Seth Godin is one of my favourite marketing writers. Since 1999 his Permission Marketing has a special position in my books collection. Seth has recently published a new work, Free Prize Inside! which I have been honoured to receive directly from him. Its packaging was terrific (the book comes in a cereals box) but the content isn’t less impressive. Think, act, create, in a sentence: make something happen. I love Seth’s writings because they provide you with energy. After reading them, I often feel like I can “conquer the world” with the next big idea. So if you’re looking for a boost, don’t miss Free Prize Inside! Recently, Seth has also published an e-book which is available to download here. I’m very happy he has decided to include Adverblog in his review of useful blogs.
Swedish fashion brand H&M will start next week an online campaign to promote its summer collection “Divided”. Banners and pop-ups as well as the innovative i-Flash TV format will run through the main German web sites like Lycos, Freenet and Msn. As Horizont (in German) reports, i-Flash ads will contain mini interactive spots that will allow users to browse the new collection and immediately find further information about the products.
German football fans can download the pictures (as MMS) of their favourite players directly to their mobile. The initiative, which runs a few weeks before the European Football Championship, is developed by MindMatics and sponsored by Ferrero’s snacks, Duplo and Hanuta.

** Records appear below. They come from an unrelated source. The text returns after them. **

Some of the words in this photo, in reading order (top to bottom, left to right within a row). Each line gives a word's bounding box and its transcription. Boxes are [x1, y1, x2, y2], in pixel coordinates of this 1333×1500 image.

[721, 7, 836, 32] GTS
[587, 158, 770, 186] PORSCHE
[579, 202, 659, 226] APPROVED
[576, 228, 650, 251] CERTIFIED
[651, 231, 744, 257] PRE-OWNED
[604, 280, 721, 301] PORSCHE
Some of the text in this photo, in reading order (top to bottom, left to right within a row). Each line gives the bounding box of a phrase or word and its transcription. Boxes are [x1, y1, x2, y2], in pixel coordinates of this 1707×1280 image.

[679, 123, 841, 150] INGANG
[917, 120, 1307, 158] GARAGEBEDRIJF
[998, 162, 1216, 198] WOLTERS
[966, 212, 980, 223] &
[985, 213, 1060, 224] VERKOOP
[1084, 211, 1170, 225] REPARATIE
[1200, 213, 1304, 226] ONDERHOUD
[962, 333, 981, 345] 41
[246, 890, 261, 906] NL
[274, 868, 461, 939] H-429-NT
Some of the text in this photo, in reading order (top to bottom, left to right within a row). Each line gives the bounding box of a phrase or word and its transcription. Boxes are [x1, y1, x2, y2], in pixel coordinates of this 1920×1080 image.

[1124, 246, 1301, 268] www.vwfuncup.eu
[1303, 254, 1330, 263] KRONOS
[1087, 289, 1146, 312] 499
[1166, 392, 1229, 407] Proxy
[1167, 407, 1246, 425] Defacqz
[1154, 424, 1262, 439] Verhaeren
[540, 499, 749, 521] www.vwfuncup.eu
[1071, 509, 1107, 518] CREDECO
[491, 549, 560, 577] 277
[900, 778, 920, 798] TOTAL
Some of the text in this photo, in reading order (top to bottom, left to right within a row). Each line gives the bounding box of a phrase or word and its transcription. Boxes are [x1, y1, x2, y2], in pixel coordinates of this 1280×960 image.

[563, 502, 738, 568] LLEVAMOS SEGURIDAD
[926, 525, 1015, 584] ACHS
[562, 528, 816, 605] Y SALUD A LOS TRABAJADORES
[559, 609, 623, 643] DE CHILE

As Net Tribune (in German) reports, users find in the snacks a collectible sticker with a the short code that allows them to request, with a premium rate SMS, the MMS picture of the player. A series of 28 players and trainers is available. The service costs 0,99 euro per picture.
US mobile marketers will soon start loving teenagers. Young users are the market segment most willing to pay for wireless content and services. They love MMS, the possibility to download ringtones and music and play with their mobile phones. As an article published a couple of weeks ago on BizReport explains: “For the typical adult, the wireless phone is a device for getting business done, say phone company executives. But among the young, the untethered phone has transcended mere utility and becomes a symbol of freedom to talk without parental intrusion, as well as a way of networking with friends, a form of entertainment and an accessory that reflects social rank.” This is terribly true, but it’s also a clear sign that the US mobile market it’s still in its infancy. Cellular phones become successful at first as a status symbol, and then “grow up” improving the quality of their image perceived by a broader (mass) market. It happened in Europe, and I’m sure it will happen in the US. In a way, teenagers will play the evangelists’ role in building the value of mobile phones.
In November Warner Bros will launch “The Matrix Online”, an online multiplayer game where tens of thousands of players will be able to jack into the Matrix world to take an active role in continuing the saga of The Matrix movie trilogy. A marketing campaign will support the initiative, as explained in press release.
Never underestimate the power of spam. Email marketing has been already weakened by unsolicited messages, wireless marketers can’t suffer the same damage. We are still on time to prevent mobile spamming but we need to act fast, setting up guidelines to limit any abuse of the media. In the UK The Mobile Marketing Association has already taken a strong position to defend the industry, while in the US The Federal Communications Commission started two months ago collecting data and comments in order to issue guidelines for wireless ads. On MediaPost, Kate Kaye collected comments and numbers on the “wireless spam menace”. The message is clear: act before it’s too late!